Eminem defies NFL rules to take a knee during the Super Bowl halftime show

Eminem defies NFL rules to take a knee during the Super Bowl halftime show

Eminem defied National Football League (NFL) rules on Sunday by taking a knee during the Super Bowl LVI halftime show, even after all the competing athletes were seen standing up during the national anthem.

The 49-year-old rapper made the gesture, which has become a symbol of protest against racism, after finishing his hit Lose Yourself.

At the moment when Eminem (real name Marshall Mathers) was supposed to bow, he fell to one knee, bowing his head solemnly.

He held the position for about 50 seconds as the performers moved on to Snoop Dogg’s set.

Eminem did so, despite the fact that none of the Rams or Bengals players knelt during the national anthem at the start of the game — and there was no sign of anyone else kneeling from the audience.

It’s unclear if the kneeling was a planned part of the show or a spontaneous decision, as Eminem’s publicist did not immediately respond to DailyMail.com’s request for comment.

The NFL reportedly turned down Eminem’s request to kneel during the speech, but he did so anyway, contrary to their stance on the matter.

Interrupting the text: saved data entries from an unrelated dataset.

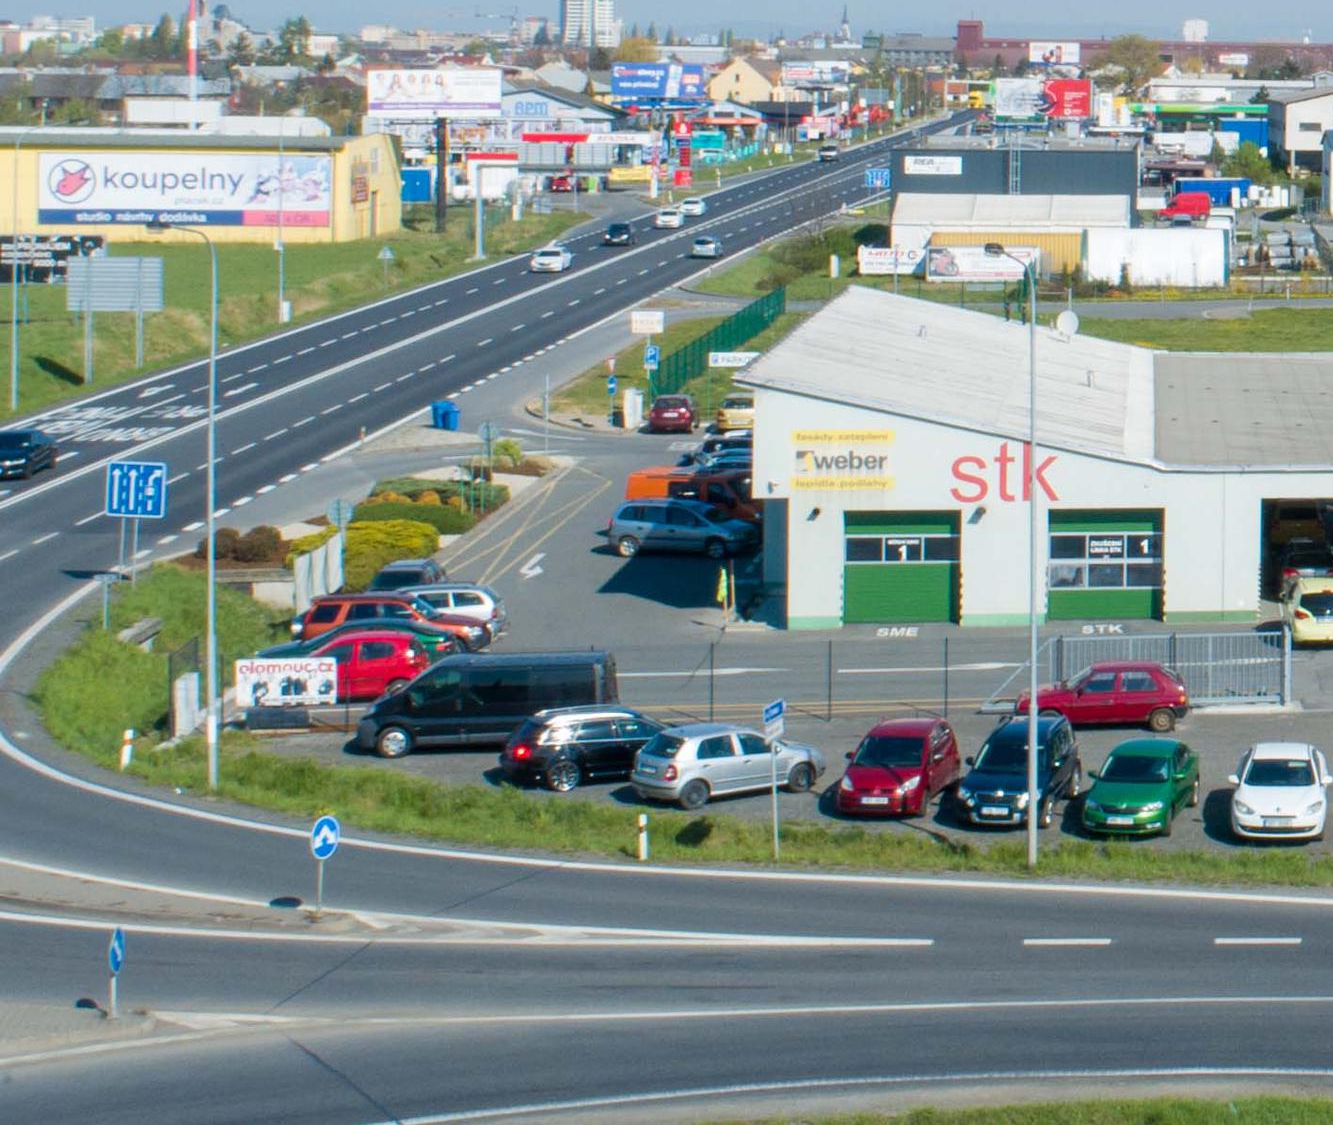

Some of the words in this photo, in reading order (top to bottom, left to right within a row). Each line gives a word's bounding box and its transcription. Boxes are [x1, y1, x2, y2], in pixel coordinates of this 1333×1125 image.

[103, 165, 244, 195] koupelny
[76, 211, 112, 222] studio
[814, 450, 888, 470] weber
[949, 440, 1060, 503] stk
[898, 545, 907, 561] 1
[1140, 538, 1149, 554] 1
[876, 626, 920, 637] SME
[1081, 624, 1124, 635] STK
[239, 660, 334, 675] olomouc.cz
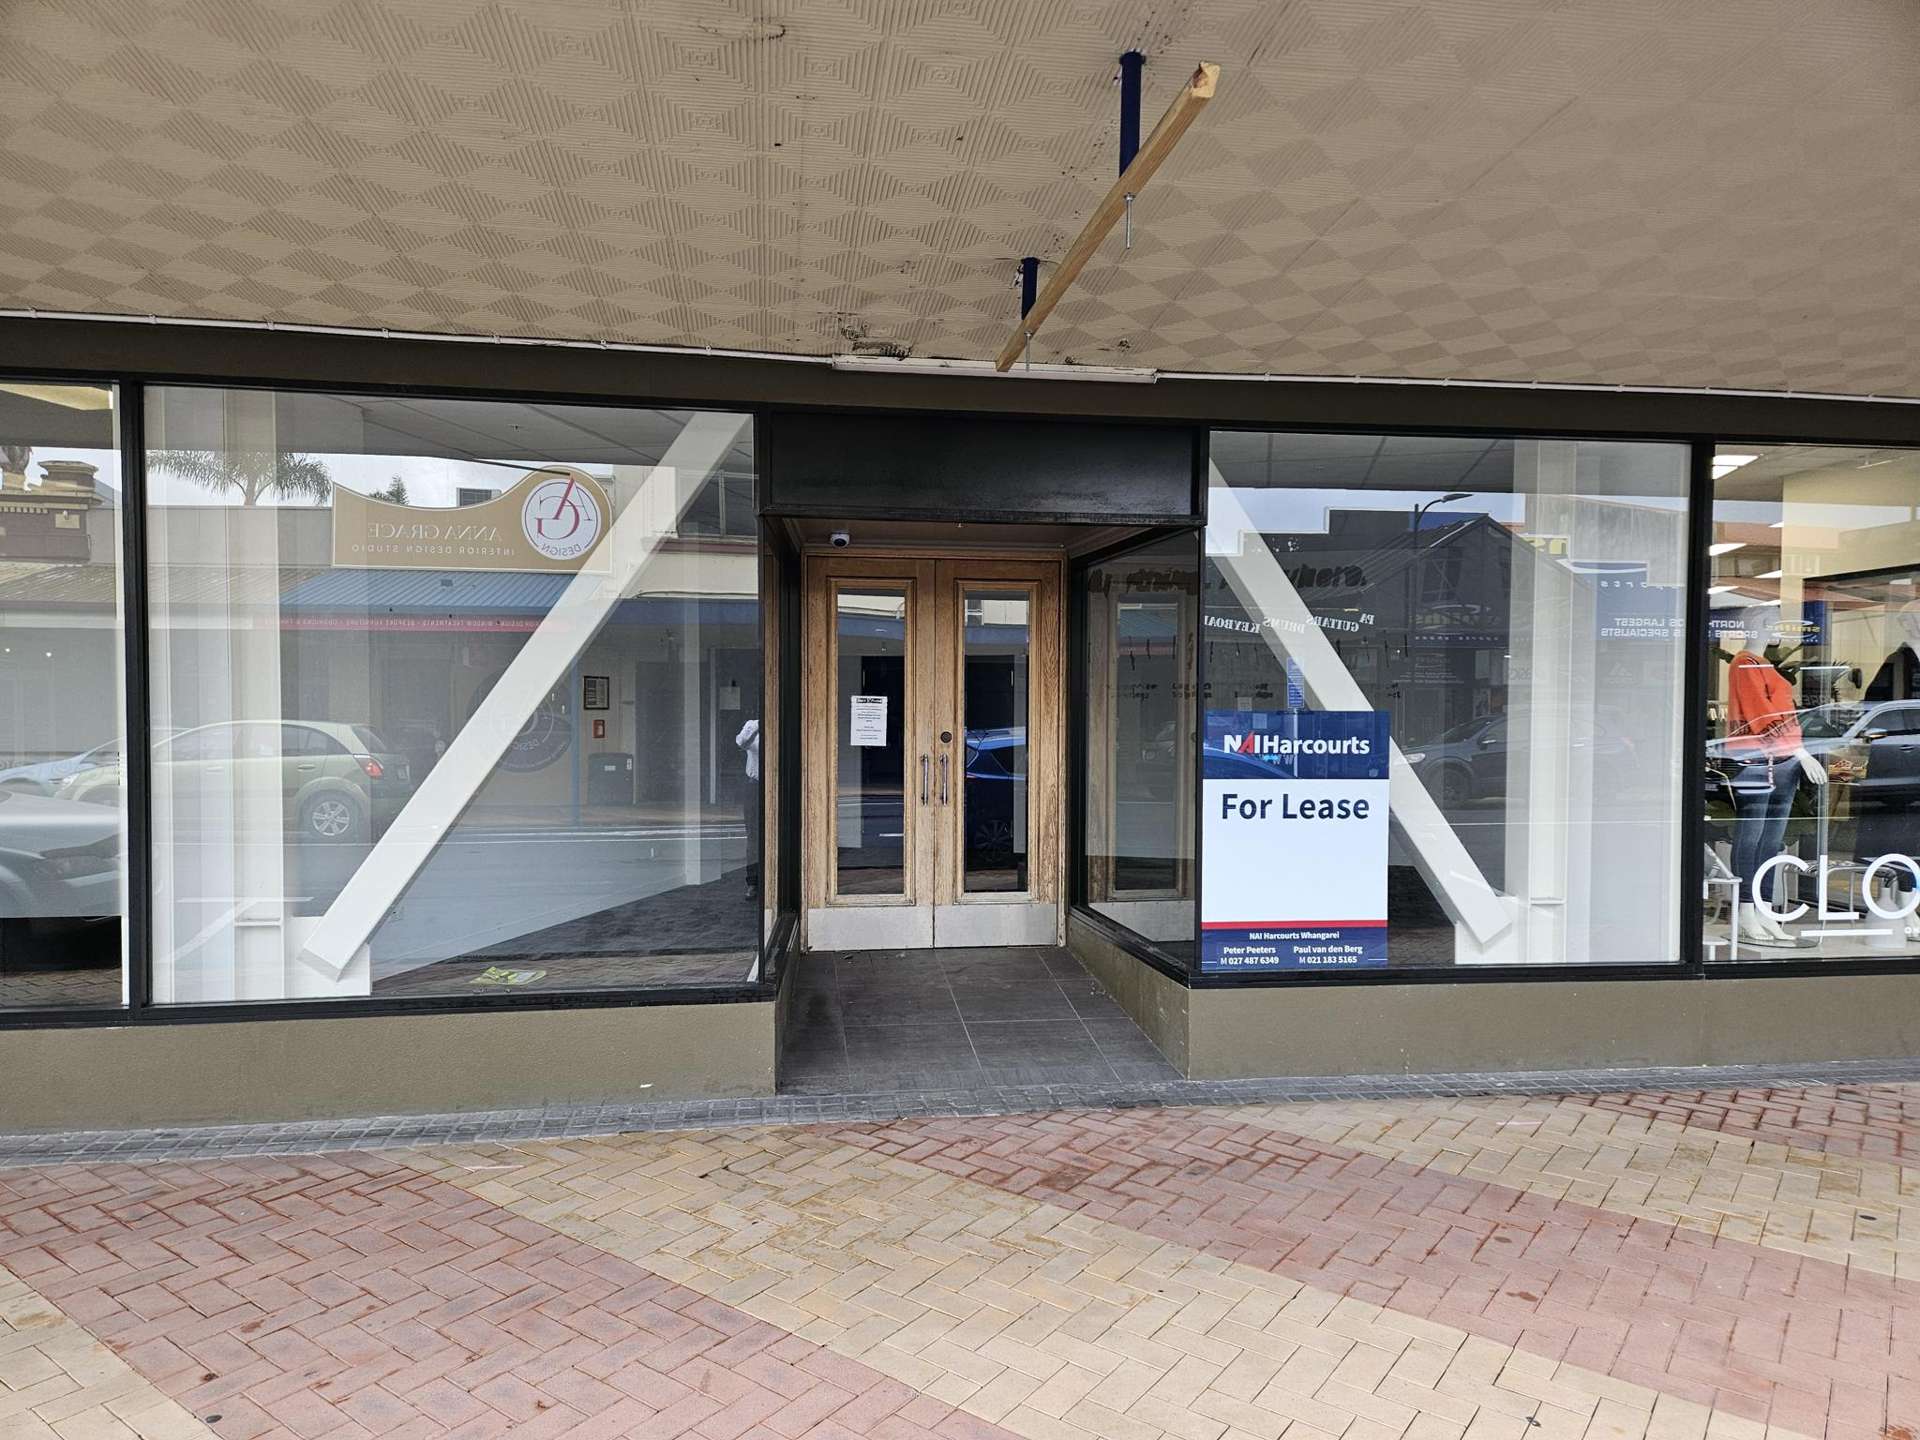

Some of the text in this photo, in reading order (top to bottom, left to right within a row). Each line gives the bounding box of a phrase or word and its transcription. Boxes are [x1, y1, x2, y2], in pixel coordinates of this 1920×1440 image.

[1263, 735, 1370, 754] Harcourts
[1222, 793, 1369, 819] For Lease
[1752, 853, 1920, 921] CLO
[1249, 931, 1339, 941] NAI Harcourts Whangarei
[1223, 946, 1276, 954] Peter Peeters
[1294, 945, 1312, 953] Paul
[1328, 945, 1343, 953] den
[1344, 945, 1363, 954] Berg
[1220, 956, 1279, 965] M 027 487 6349
[1299, 956, 1357, 964] M 021 183 5165
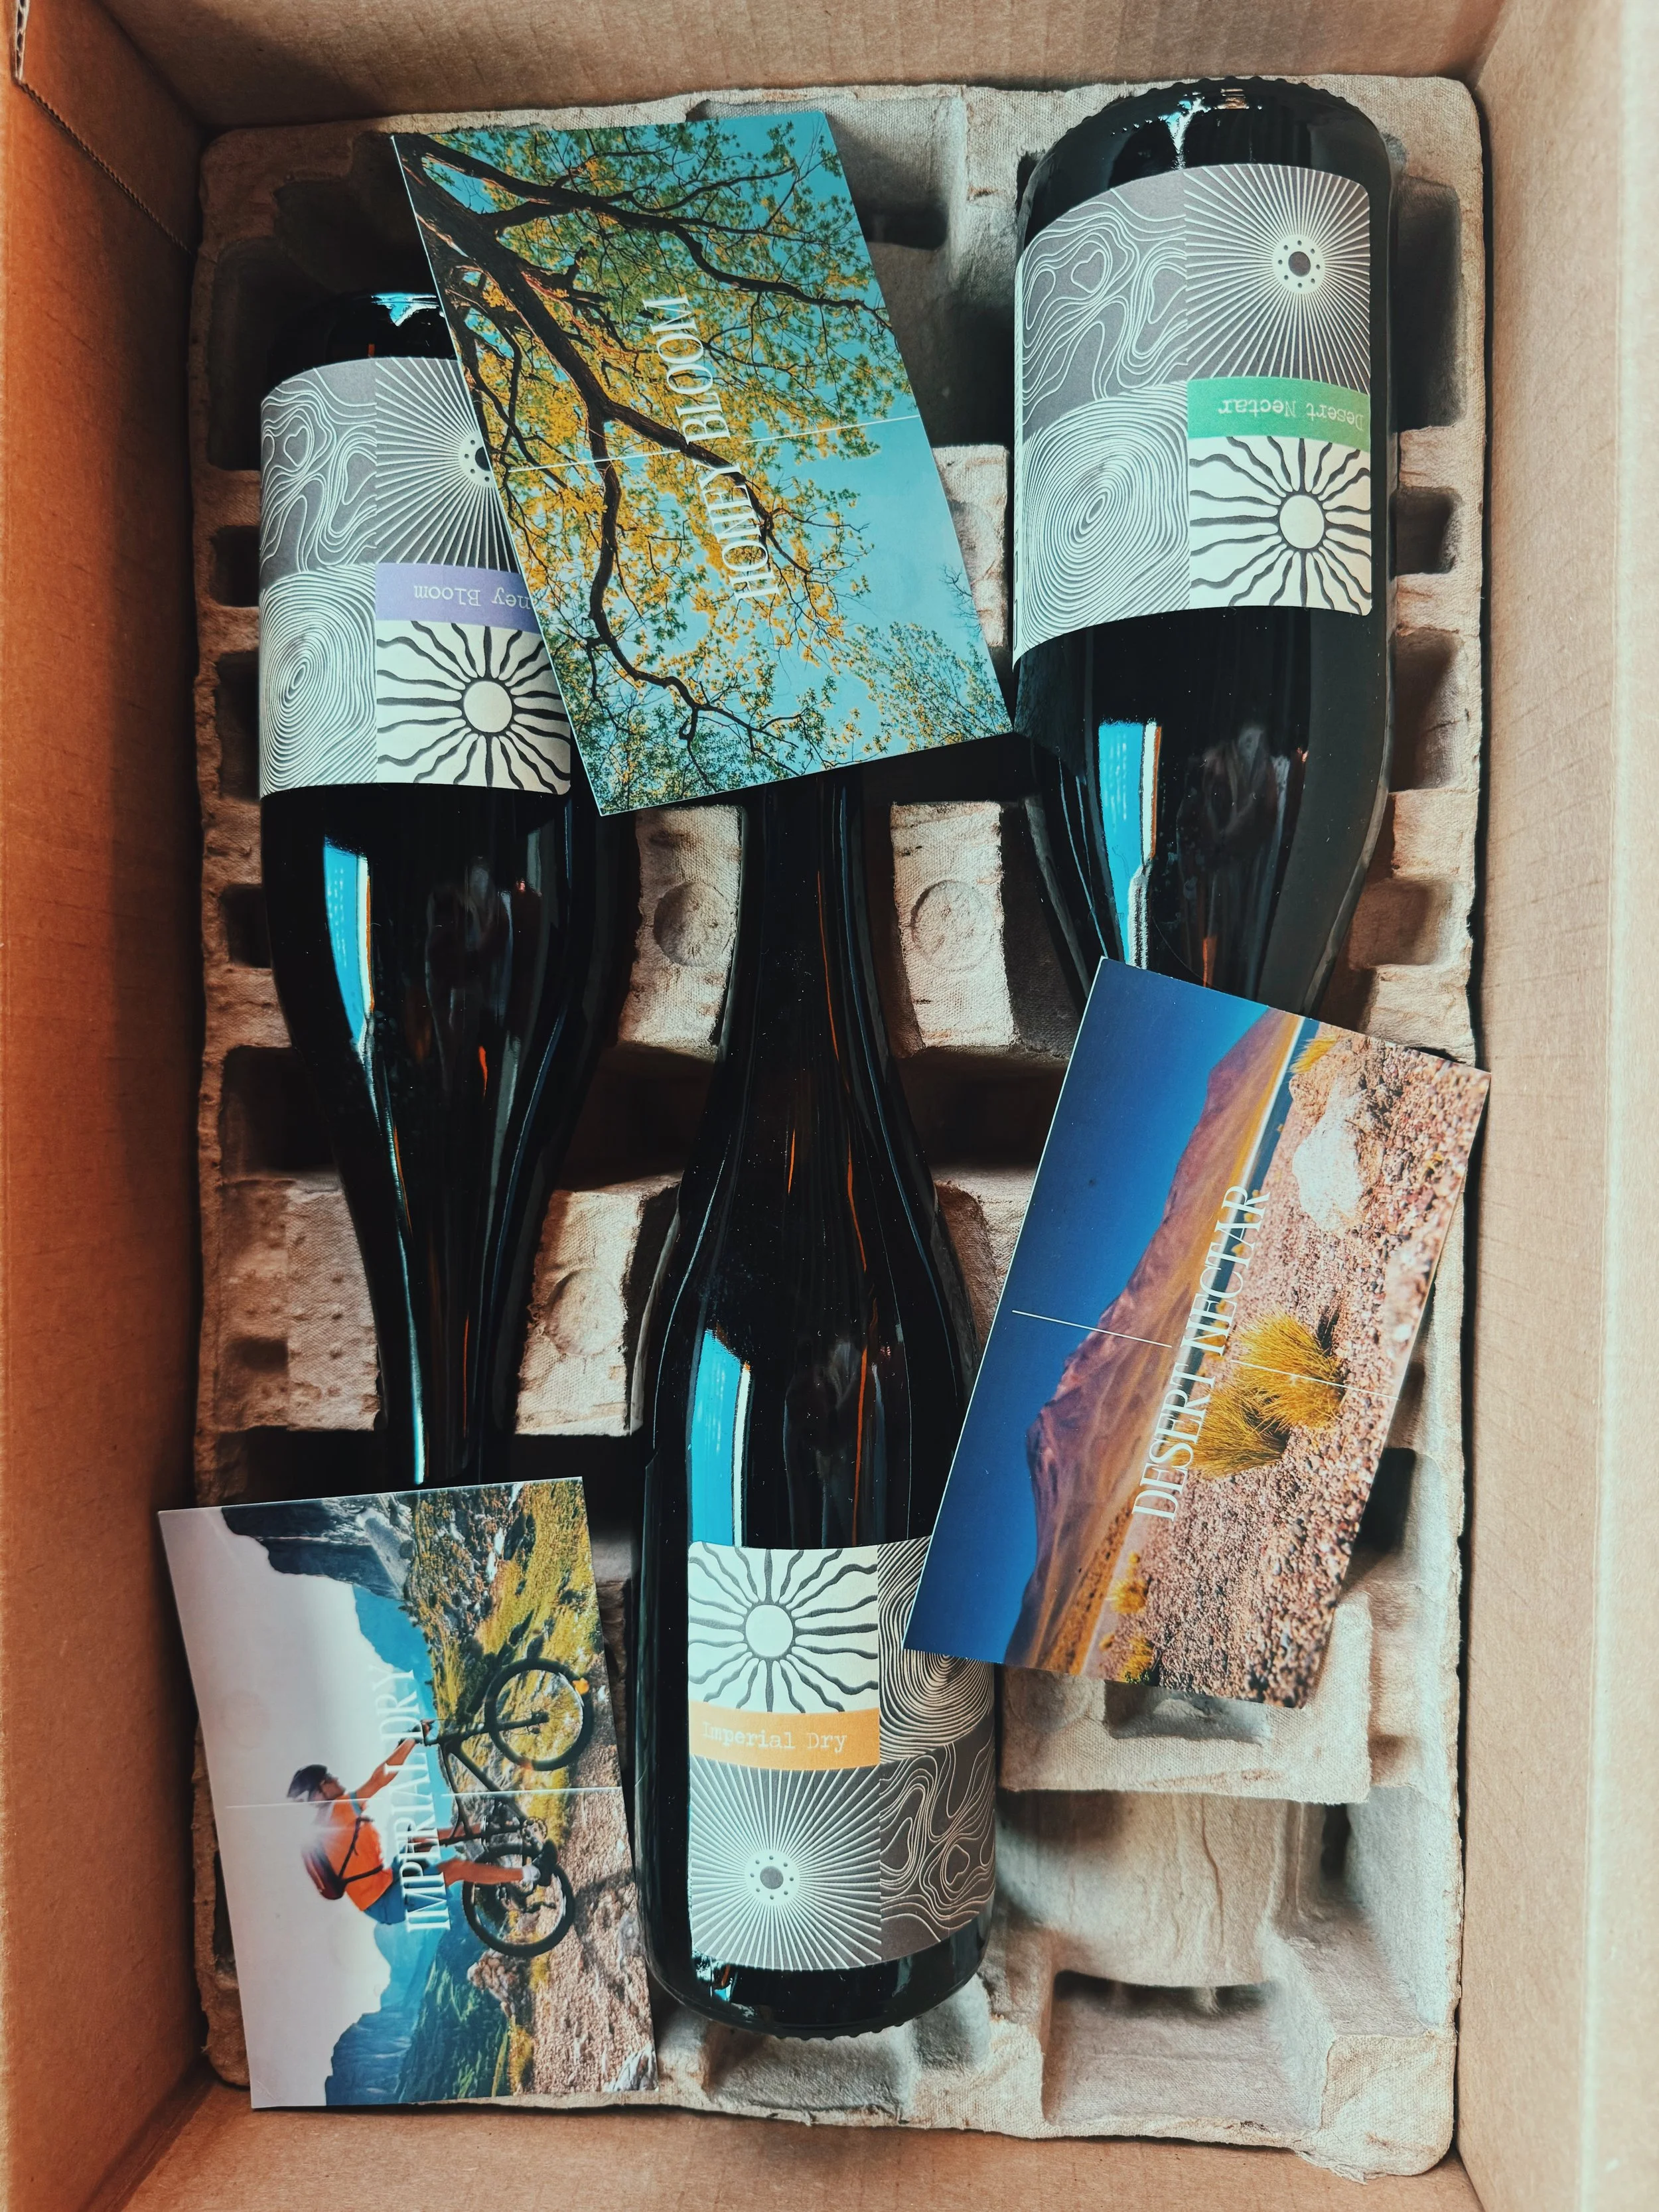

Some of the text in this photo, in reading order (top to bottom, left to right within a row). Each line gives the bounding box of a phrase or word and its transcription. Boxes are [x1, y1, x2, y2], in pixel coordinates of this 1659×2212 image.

[642, 295, 781, 601] HONEY BLOOM
[1218, 398, 1364, 431] Desert Nectar
[413, 585, 531, 610] ney Bloom
[1131, 1185, 1271, 1521] DESERT NECTAR
[370, 1664, 451, 1932] IMPERIAL DRY
[701, 1722, 847, 1753] Imperial Dry

Eminem (left) took a knee during the Super LVI Halftime Show after the NFL turned down his request to do so during the performance.  The 49-year-old rapper did it anyway, challenging the league's stance on the issue.

Eminem (left) took a knee during the Super LVI Halftime Show after the NFL turned down his request to do so during the performance. The 49-year-old rapper did it anyway, challenging the league’s stance on the issue.

Eminem defies NFL rules to take a knee during the Super Bowl halftime show

The rapper’s fans were shocked to see their idol take a knee. Few fans or players at SoFi Stadium made the same gesture when the national anthem was played before kick-off.

Despite Cincinnati Bengals and Los Angeles Rams players standing still during country star Mickey Guyton’s 1-minute, 51-second performance of The Star-Spangled Banner, Eminem’s defiance should come as no surprise.

The rapper has repeatedly spoken out against racial injustice despite accusations that some of his lyrics are racist.

In 2017, Eminem released a song called Untouchable that refers to white men as “untouchables” because they don’t seem to be bothered by the police brutality and suppression of human rights that black men and women face every day in the US.

Eminem discusses everything from institutional racism to the Black Lives Matter movement in the song.

“Black boy, black boy, we won’t lie to you / Black boy, black boy, we don’t like the look of you,” he reads at the beginning of the song, adding later: “Throughout history, African Americans have been treated like shit / and I admit there were times when it was embarrassing to be a white boy.”

Before the match started, all eyes were on the players of both teams to see if they would take a knee, a popular symbolic gesture against racism.

Before the match started, all eyes were on the players of both teams to see if they would take a knee, a popular symbolic gesture against racism.

All Los Angeles Rams players stood during the playing of the national anthem prior to the NFL Super Bowl LVI game against the Cincinnati Bengals.

All Los Angeles Rams players stood during the playing of the national anthem prior to the NFL Super Bowl LVI game against the Cincinnati Bengals.

The national anthem is sung before an NFL Super Bowl LVI football game, where Rams players can be seen standing behind the American flag.

The national anthem is sung before an NFL Super Bowl LVI football game, where Rams players can be seen standing behind the American flag.

In 2020, the rapper and Kid Cudi teamed up for their first collaboration, and it’s full of timely commentary about racial inequality and access to public health.

At the time, the duo released a lyric video for The Adventures of Moonman and Slim Shady that lashed out at dirty cops, NFL player Drew Brees, and people who refuse to wear a mask during the COVID-19 pandemic.

“A bunch of morons in the office / Half of us are walking around like a zombie apocalypse,” Eminem raps on the track. “The other half is just pissed / And doesn’t want to wear a mask / And they just scoff / And that’s how you end up catching [stuff] from them / I just used the same basket as you, / Now I’m in … the casket from your coffin.”

The four-and-a-half-minute song references George Floyd and Ahmad Arbery, whose murders sparked protests against racism and police brutality around the world.

It also targeted New Orleans Saints quarterback Breeze, who came under fire in June after redoubling his disapproval of Colin Kaepernick and others who knelt during the national anthem. Breeze later apologized for his “insensitive” comments, in which “there was no awareness and no compassion or empathy whatsoever.”

“And God is my jury, so when I die / I don’t worry / Pray to George Floyd and Ahmad Arbery,” continues Eminem. “How… is it that there are so many dirty cops?” / Stop the man, please / Officer, I’m sorry / But I can’t breathe / When you’re on top of me / Your…knee on my carotid artery.’